7. Ms. A Begum, learned APP, Assam on the other hand, submits that PW-5 is the eye witness to his son, the appellant, killing his mother with a Bothi Dao,which nearly severed the neck of the deceased. She submits that when there is an eye witness to the crime in question, the stand of the appellant that he had not committed the crime is patently false. Further, in the case of Veer Singh & Others -Vs- State of Uttar Pradesh, reported in (2014) 2 SCC 455, the Supreme Court has held that it is not the number of witnesses, but the quality of the evidence of the witnesses which is important and there is no requirement under the law of evidence that any particular number of witness is to be examined to prove or disprove a fact. The evidence must be weighed and not counted. Further, as a general rule, a Court can act on the testimony of a single witness provided it is wholly reliable. In the present case, when there is a eye-witness to the killing of the deceased by her son, i.e., the evidence of the eye witness father and read with the evidence of the maternal uncle of the appellant (PW-7), the conviction of the appellant under Section 302 IPC suffers from no infirmity.

8. Learned APP, Assam further submits that Exception-4 to Section 300 IPC is not attracted to the facts of the present case, inasmuch as, the provocation had been initiated on the part of the appellant and not by the deceased or by the maternal uncle (PW-7). Further, the alleged retaliation by the appellant, nearly severing the neck of the deceased in response to the deceased mother slapping the appellant twice, when the appellant and the maternal uncle were fighting, does not attract Exception-4 to Section 300 IPC. She accordingly submits that the impugned judgment of the learned Trial Court should not be interfered with.

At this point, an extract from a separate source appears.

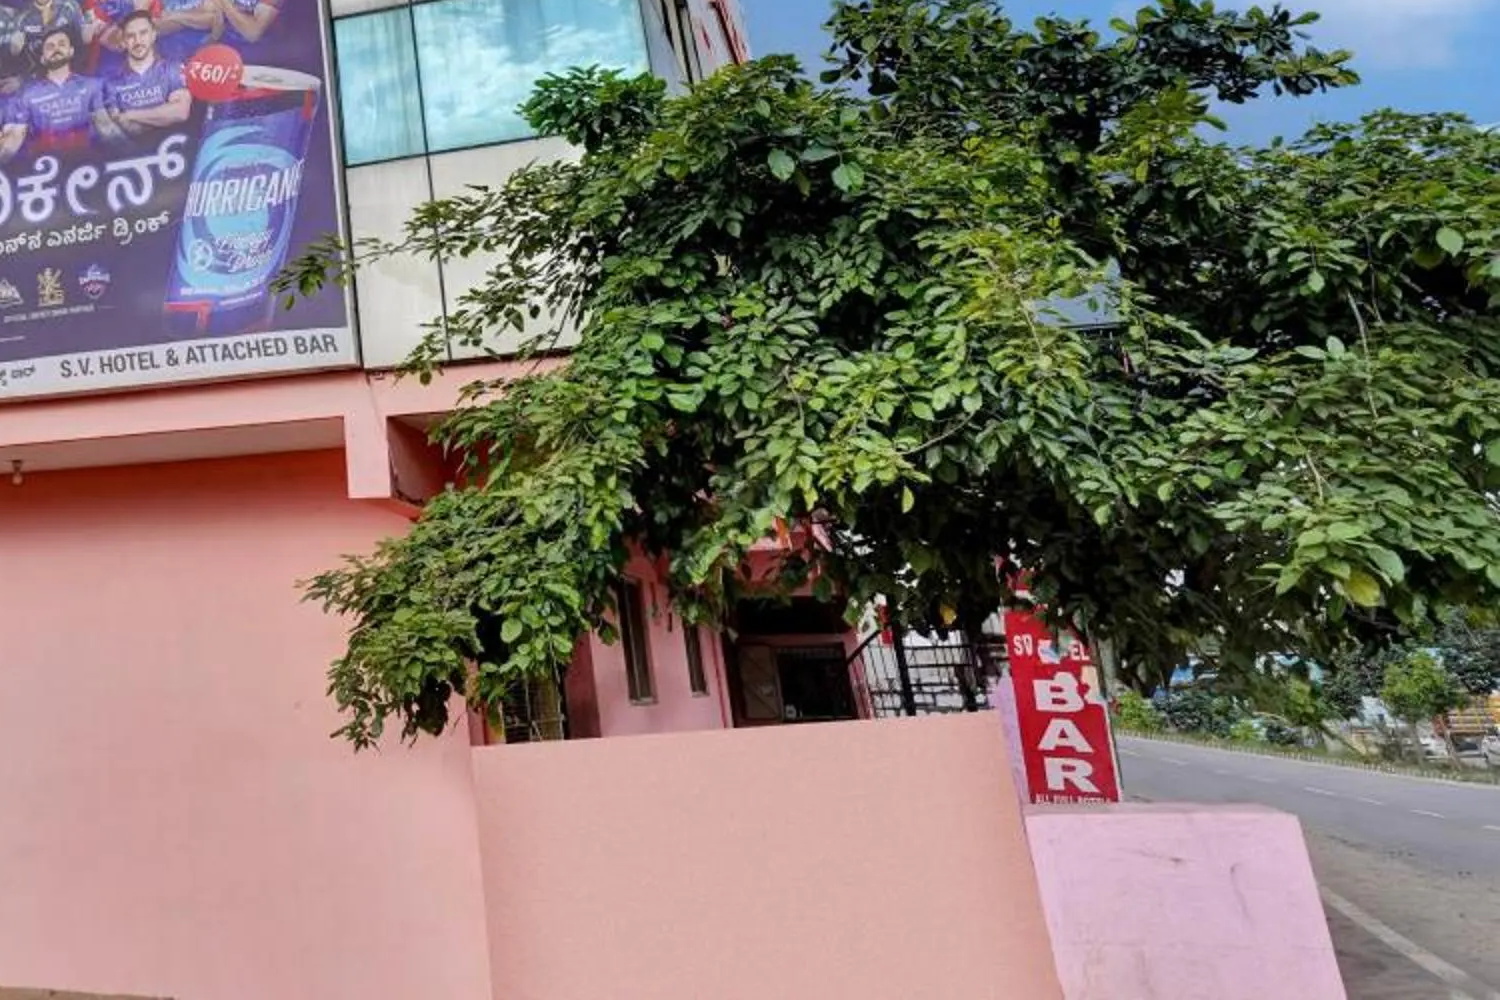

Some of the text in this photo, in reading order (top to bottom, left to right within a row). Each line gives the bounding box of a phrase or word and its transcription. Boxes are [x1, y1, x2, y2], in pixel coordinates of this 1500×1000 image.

[60, 333, 339, 378] S.V. HOTEL & ATTACHED BAR
[1032, 671, 1102, 794] BAR

9. We have heard the learned counsels for the parties and also perused the materials available on record.

10. The brief facts of the case is that on the fateful day, i.e., 16.03.2016, the appellant had taken money from his mother (deceased) and had gone out from the house. He later came back after consuming liquor and demanded money from the deceased (mother). The appellant was given 30 rupees by the deceased. As the appellant was not satisfied with the amount of money given to him, he started abusing his mother (deceased).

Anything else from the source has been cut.